[Dr. Jeff is “digging himself into a deeper hole”; he concedes that some are calling him a fool or a knave; I do not, because I prefer to argue “ad rem” rather than “ad hominem”; in this case I call(ed) his argument(s) “dubious at best and absurd at worst”]
By Dr. Jeff Mirus | Sep 15, 2016
Necessary Distinctions: Recently I have written both to defend the Pope from the charge of heresy and also to insist that his own private interpretation of Amoris Laetitia does not tell us anything about what that act of the Magisterium requires us to believe. Given the distinctions necessary to such discussions, I suspect I have baited many people into denouncing me as either a knave or a fool.
Some think that to exonerate the Pope from the charge of heresy is to praise his policies, which does not follow at all. Others laugh at me for believing that a gravely evil action can be only venially sinful. But the Church has always taught that awareness of the gravity of the evil and full consent of the will are both always required for a person to be guilty of a mortal sin. This is part of Catholicism 101.

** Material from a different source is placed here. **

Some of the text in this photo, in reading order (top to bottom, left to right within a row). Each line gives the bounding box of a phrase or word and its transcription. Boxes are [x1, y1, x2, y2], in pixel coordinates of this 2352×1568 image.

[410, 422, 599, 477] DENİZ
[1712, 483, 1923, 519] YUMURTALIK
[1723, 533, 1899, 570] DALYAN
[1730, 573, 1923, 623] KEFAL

Papal Intentions: Still others have mocked me publicly for explaining that Pope Francis’ private comments on Amoris Laetitia are definitely not a legitimate guide to whatever Magisterial teaching that document might contain. But that ought to be self-evident. The Pope may privately explain what he intended or what he meant; but the Holy Spirit might well have prevented him from fully capturing his intention in the Magisterial document in question.
Indeed, in some cases, that is how the Holy Spirit must work to preserve the Church from error. He may well simply prevent the Pope from accurately stating some point which he had personally intended to make in the exercise of his Magisterium. In fact, Pope Francis’ very odd behavior on this whole issue (“bizarre” was the appropriate word used by another Catholic commentator, Robert Royal) looks suspiciously like the work of a man whom the Holy Spirit simply won’t allow to come right out and Magisterially teach something that is false.

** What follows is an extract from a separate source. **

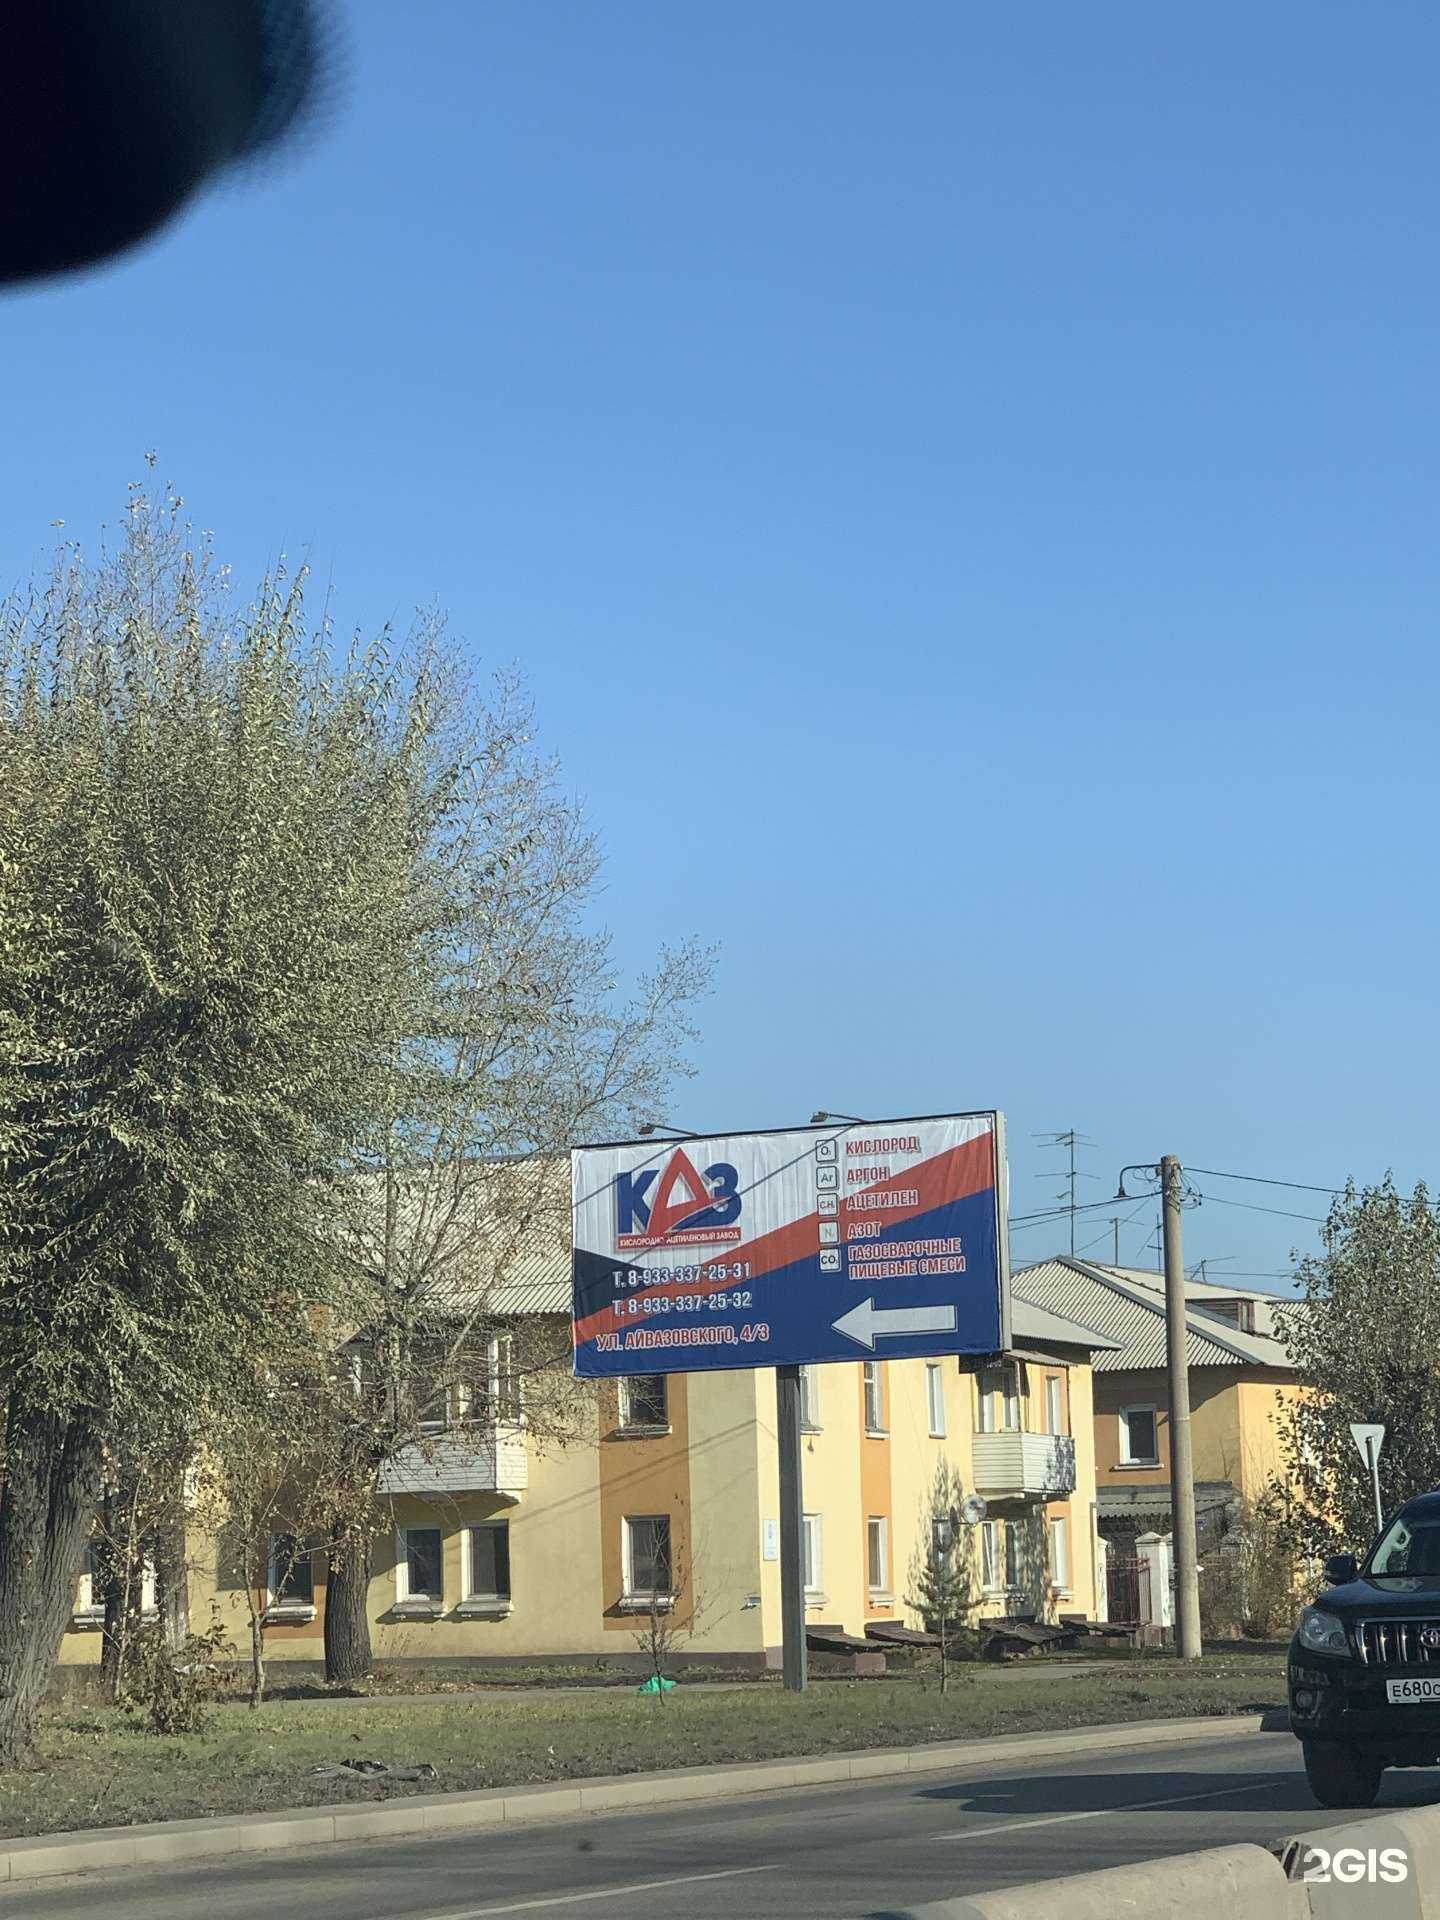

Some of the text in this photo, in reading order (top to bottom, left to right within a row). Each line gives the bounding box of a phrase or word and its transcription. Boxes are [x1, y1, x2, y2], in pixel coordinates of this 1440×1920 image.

I have said before that sometimes the guaranteed protection of the Holy Spirit is most obvious in the failure of a pope to formally teach what, by all the signs, he seems to want to teach.
Spiritual Complexity: In relation to all these distinctions, I am indebted to one of our readers in New Zealand, Peter Howard, for emailing me a fascinating quotation from Pope Pius XI’s encyclical on Christian Marriage (Casti Connubii, 1930). This encyclical addresses, among other problems, the deliberate frustration of the procreative end of the marital act (this was before “the pill”, which raised new questions leading to Paul VI’s Humanae Vitae in 1968). In number 54 of Casti Connubii, Pius XI clearly teaches: “Since, therefore, the conjugal act is destined primarily by nature for the begetting of children, those who in exercising it deliberately frustrate its natural power and purpose sin against nature and commit a deed which is shameful and intrinsically vicious.”
But, as Howard noted, the Pope then made the following stipulation:
Holy Church knows well that not infrequently one of the parties is sinned against rather than sinning, when for a grave cause he or she reluctantly allows the perversion of the right order. In such a case, there is no sin, provided that, mindful of the law of charity, he or she does not neglect to seek to dissuade and to deter the partner from sin. 
I confess that I missed this distinction for a long time, and have even counseled some people incorrectly. What the Pope teaches authoritatively here is that when one spouse insists on frustrating the procreative end of marriage despite the objections of the other, then the other does not sin in using the marital act for its unitive ends, as long as he or she continues to try to persuade the erring spouse to recognize the evil of contraception and cease to insist on it.
Takeaway: Do I think this translates directly to the sins we have been discussing in invalid marriages? No. But it shows how careful we must be, including me. We dare not settle moral questions without study, still less by the assumption that our own perceptions of reality are free from error, and should be “obvious” to all.